Material shown ->
################
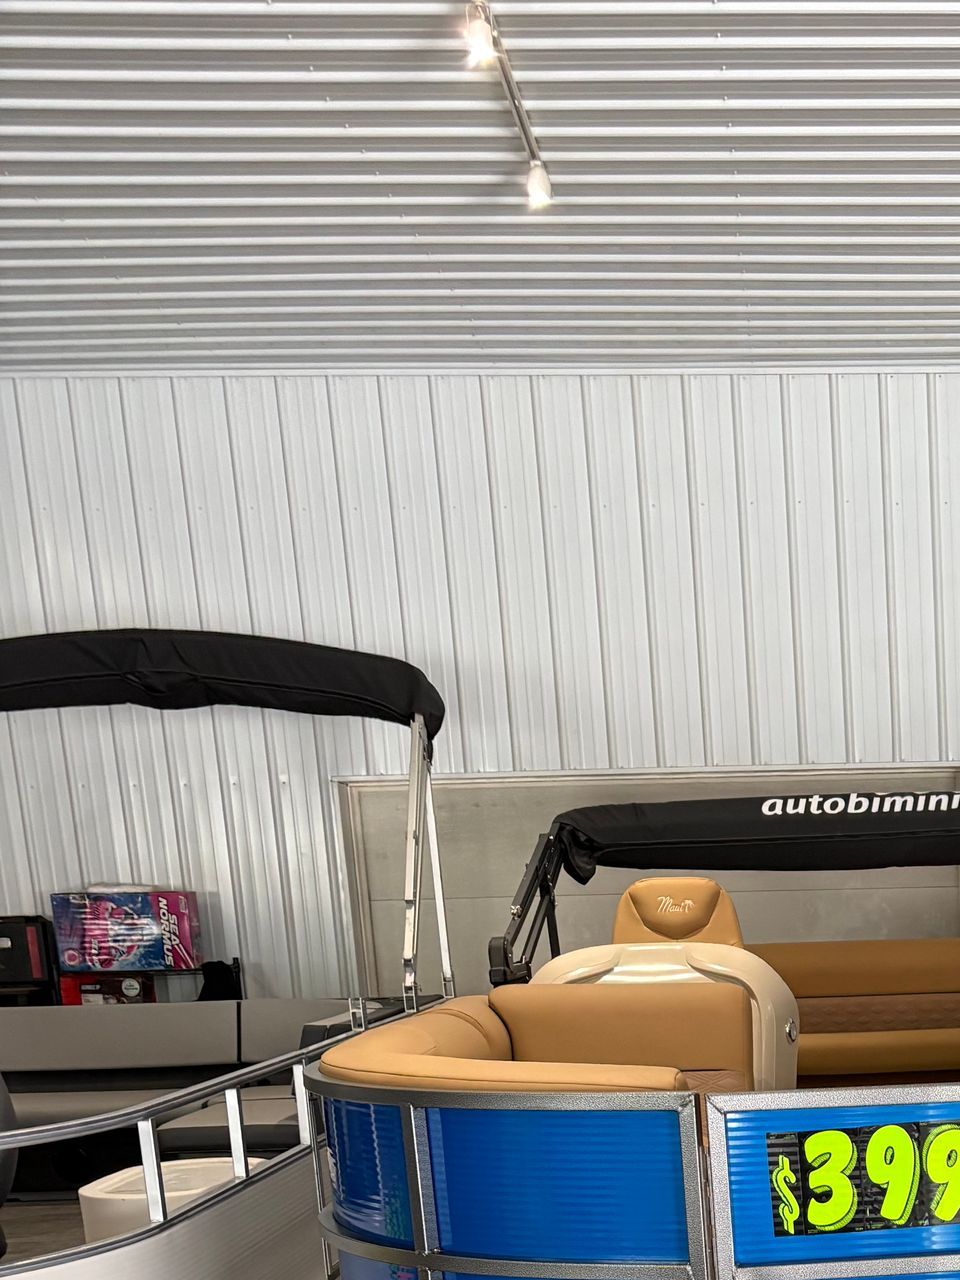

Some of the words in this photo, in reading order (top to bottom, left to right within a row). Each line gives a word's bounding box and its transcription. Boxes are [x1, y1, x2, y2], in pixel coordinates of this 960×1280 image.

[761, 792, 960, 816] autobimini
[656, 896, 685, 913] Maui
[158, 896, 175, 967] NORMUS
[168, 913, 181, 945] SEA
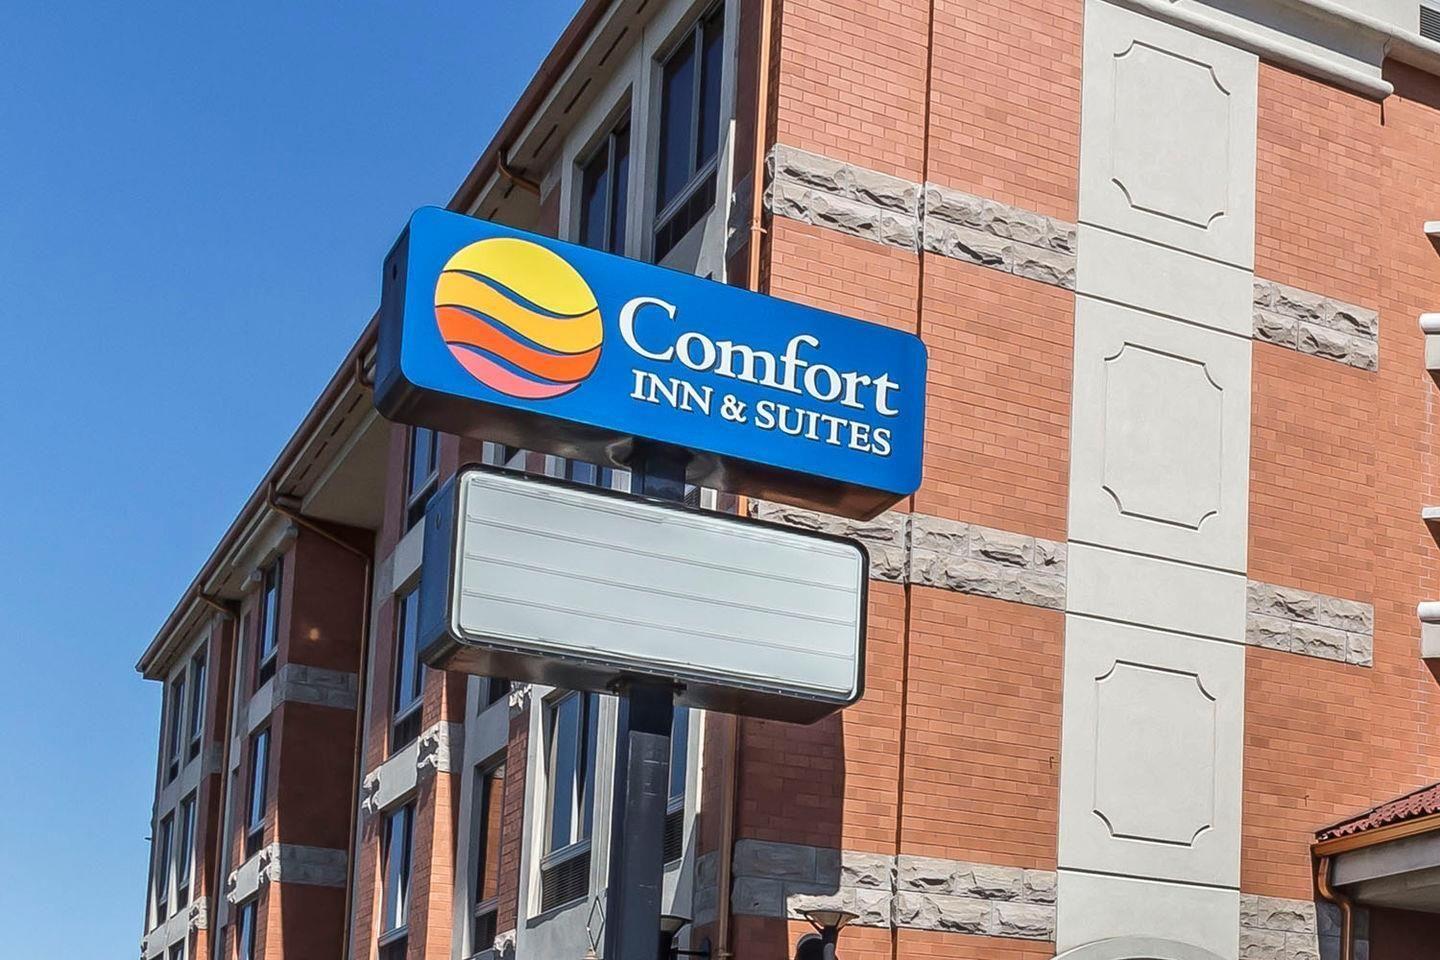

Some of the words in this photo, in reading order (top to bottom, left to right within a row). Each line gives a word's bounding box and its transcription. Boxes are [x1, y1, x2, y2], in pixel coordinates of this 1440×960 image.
################
Task to carry out ->
Nothing in the records should be changed in the copy, but the pictures must be left out.

Task result ->
Some of the words in this photo, in reading order (top to bottom, left to right within a row). Each line gives a word's bounding box and its transcription. Boxes are [x1, y1, x2, y2], in pixel coordinates of this 960×1280 image.

[761, 792, 960, 816] autobimini
[656, 896, 685, 913] Maui
[158, 896, 175, 967] NORMUS
[168, 913, 181, 945] SEA

Some of the words in this photo, in reading order (top to bottom, left to right within a row). Each line gives a word's bounding box and its transcription. Boxes are [x1, y1, x2, y2], in pixel coordinates of this 1440×960 image.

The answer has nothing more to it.